I stopped training for 6 weeks due to having examns, but the end is nearing and looking forward to training again. I'm doubting between the two way DC or fortitude tier 1. I have done both (on seperate occasions) for a relative short time (give or take 6 weeks) and liked both. I also listen to Scott' podcasts whenever I find the time. I remember him saying (or the interviewer) that fortitude was to improve after DC or the DC training on it's own. I think he was mainly pointing at the 'cruise' time where DC almost stops training and fortitude keeps doing some work (2-3 workouts, MR of pumpsets only).
My main question is the next: DC is mainly (allmost only) heavy slag iron whereas fortiude includes pumpsets and autoregulating/ picking exercises on the fly which is blasphemy in DC terms. I remember JP being guided by Scott, but I haven't seen him advocating nor doing pumpsets after his guidance. How come? Am I looking at this too rigidly for a HIT viewpoint?

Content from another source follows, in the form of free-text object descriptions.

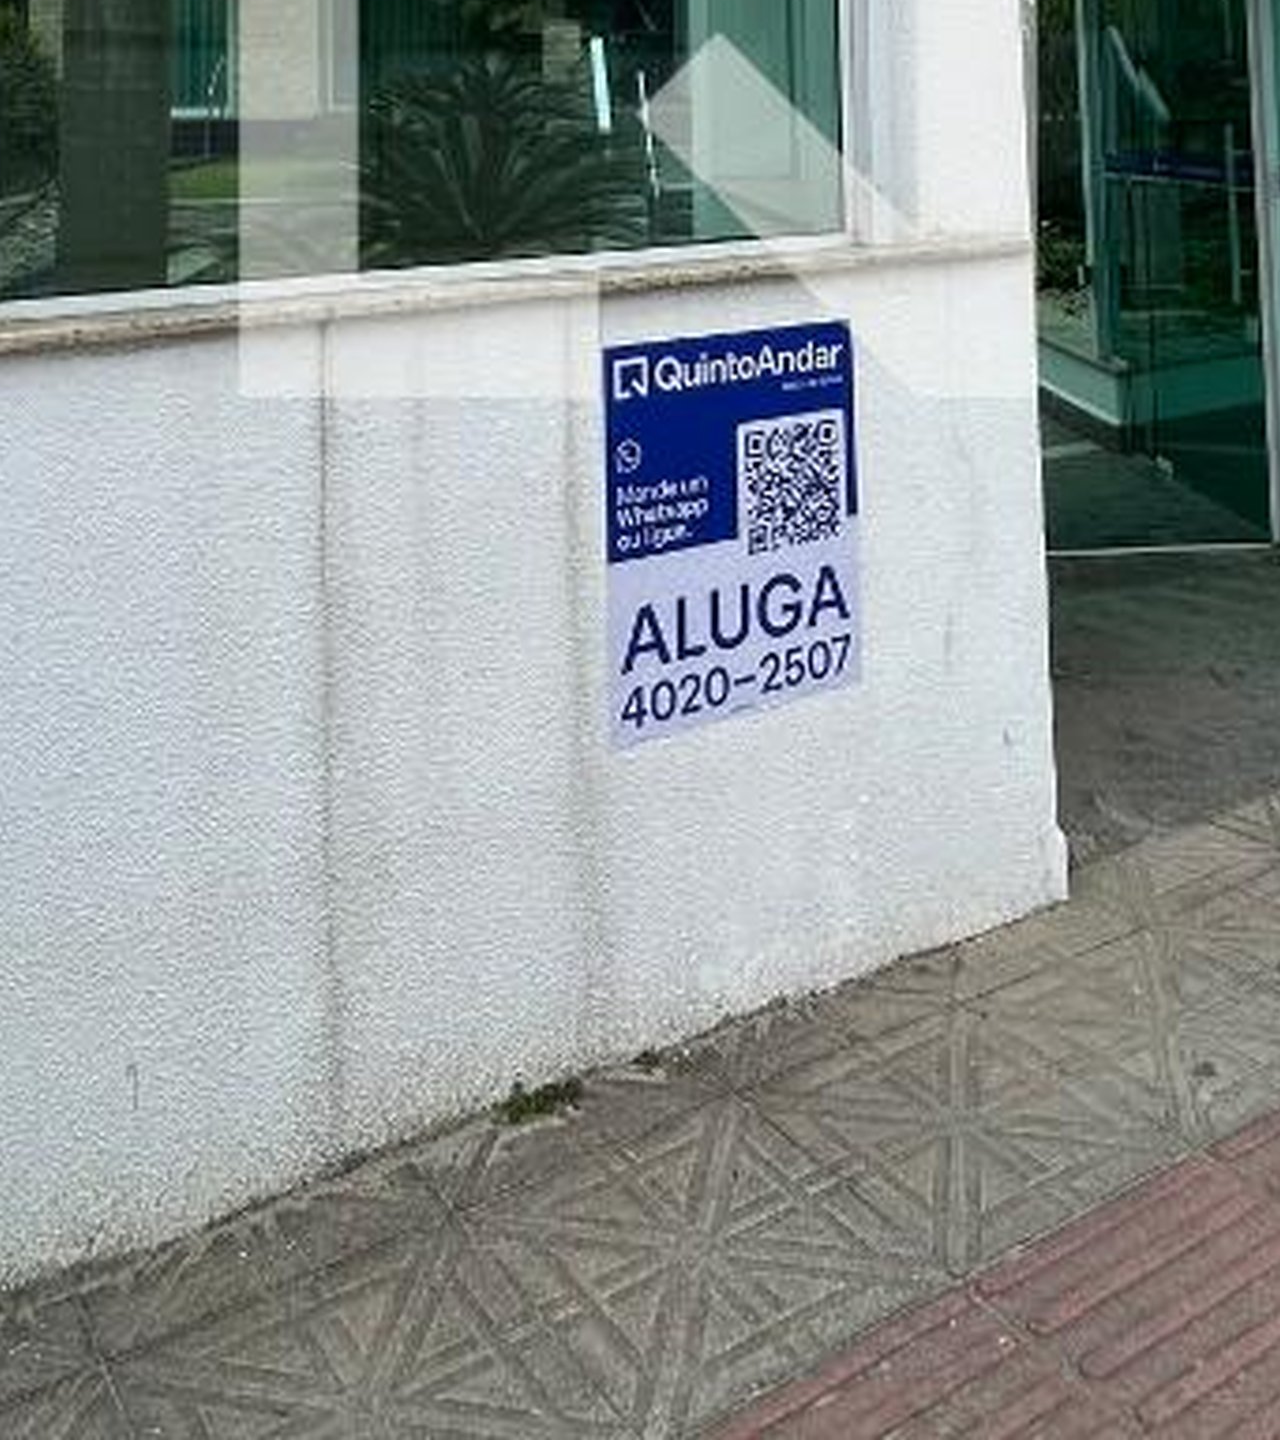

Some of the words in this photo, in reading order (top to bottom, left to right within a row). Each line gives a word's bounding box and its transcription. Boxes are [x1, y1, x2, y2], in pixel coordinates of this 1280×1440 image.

[653, 341, 844, 393] QuintoAndar
[621, 564, 851, 676] ALUGA
[621, 633, 852, 729] 4020-2507
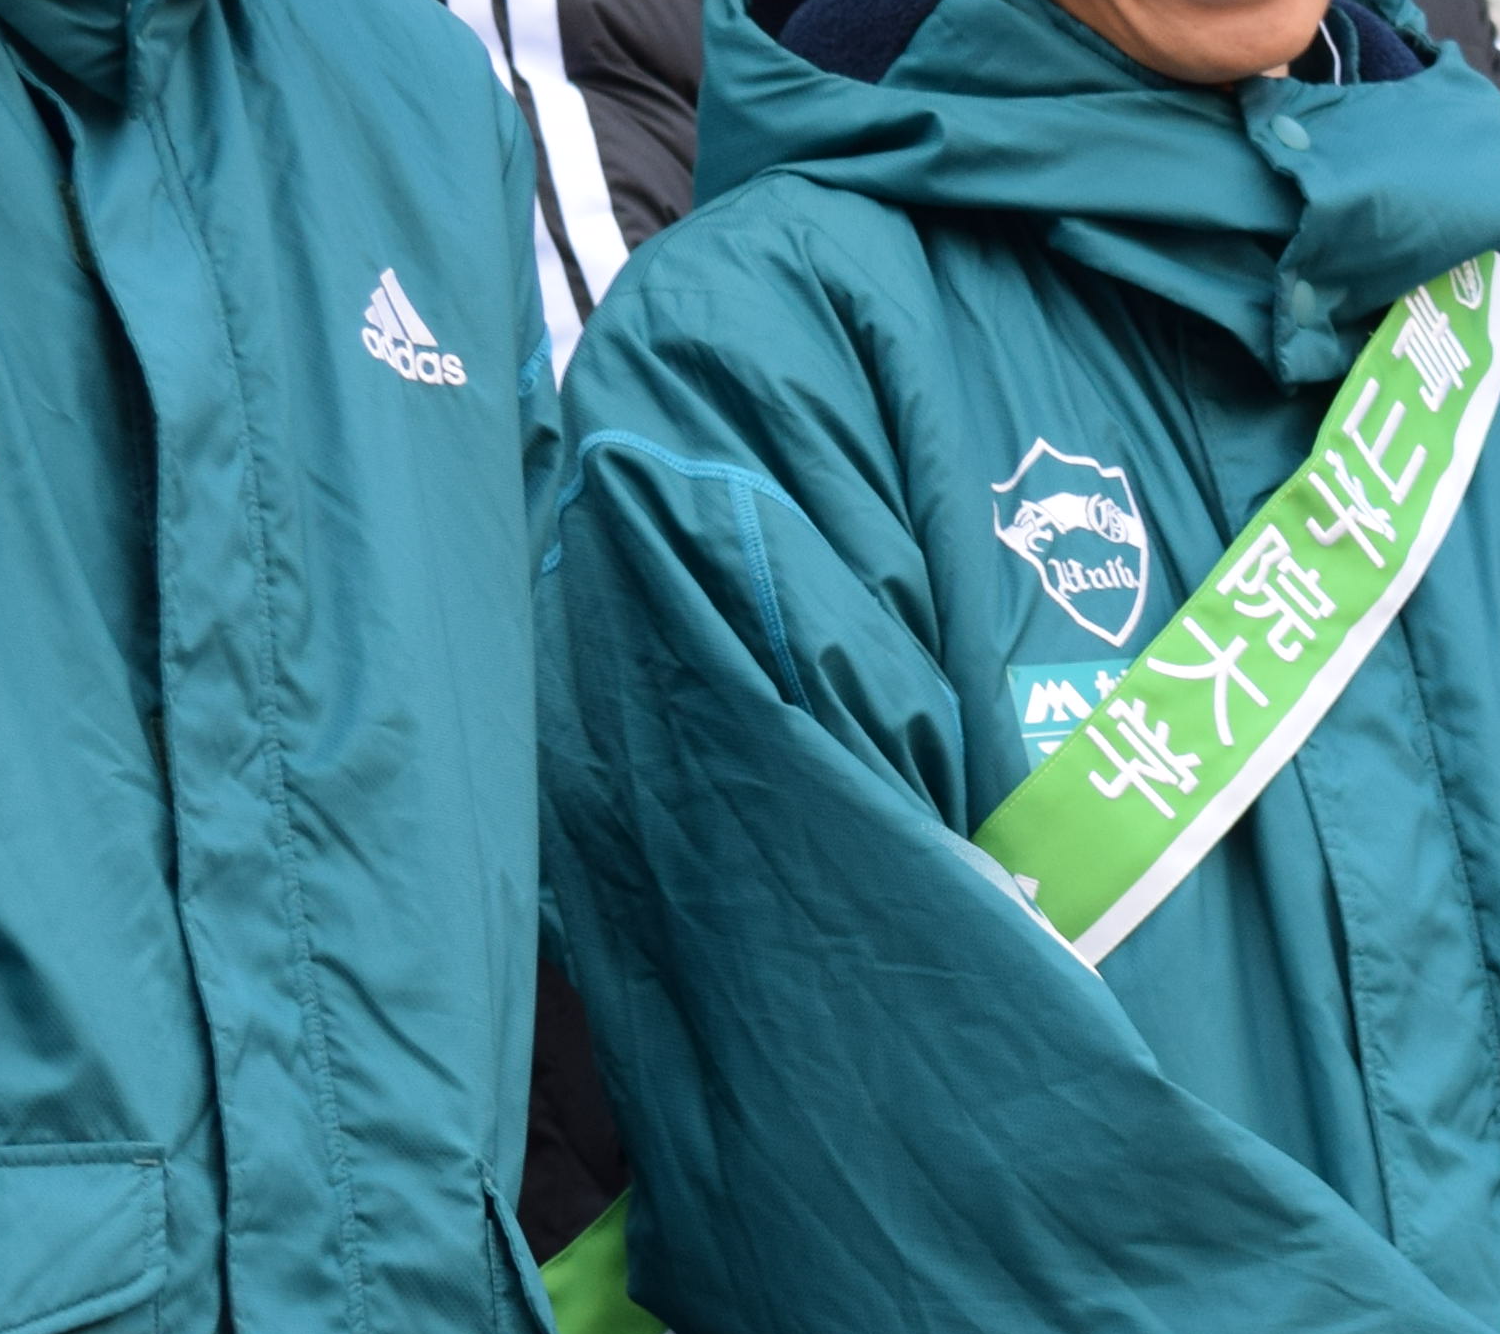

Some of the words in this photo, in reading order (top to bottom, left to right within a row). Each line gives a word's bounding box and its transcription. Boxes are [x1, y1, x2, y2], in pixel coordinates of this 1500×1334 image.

[1085, 284, 1473, 820] 青山学院大学
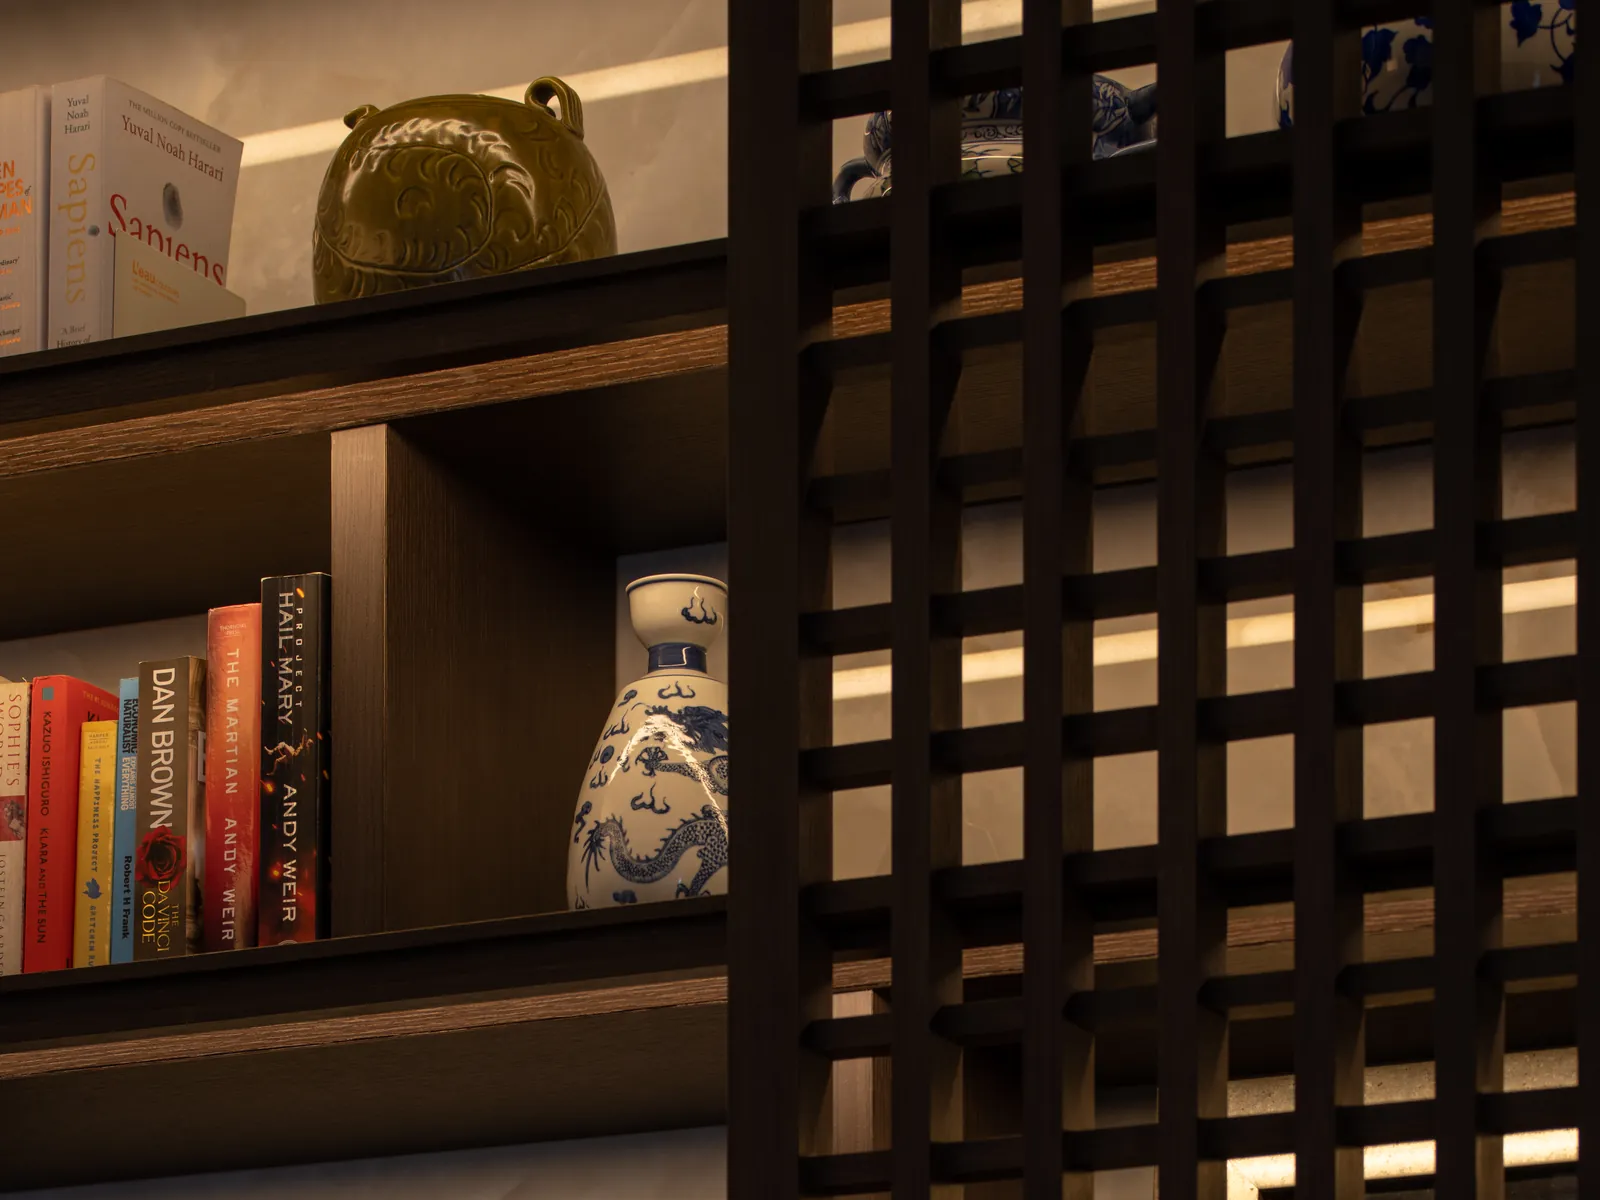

The pumpsets were murdering me tho, and i didn't even do techniques. But I programmed them weekly I.E.: trying to overload them week by week but that seems to be a 'wrong' approach in fortitude or did I read the book not good enough?
Thanks in advance!
Yes, some, but certainly not all folks doing DC would run into that issue with backsliding during the intensive cruise (and many were getting really beat up and spending too much of the cruise NOT training...)
Jordan was doing the Pump sets just as straight sets in the 15-20 rep range, and his sense was that staying with higher tension and pushing the loads were the way to go for him.
I can't recall all the details, but at one point, too, he was also taking all of the loading sets to failure (rather than leaving 1-2 reps in the tank) and when he started doing that, he started progressing more rapidly....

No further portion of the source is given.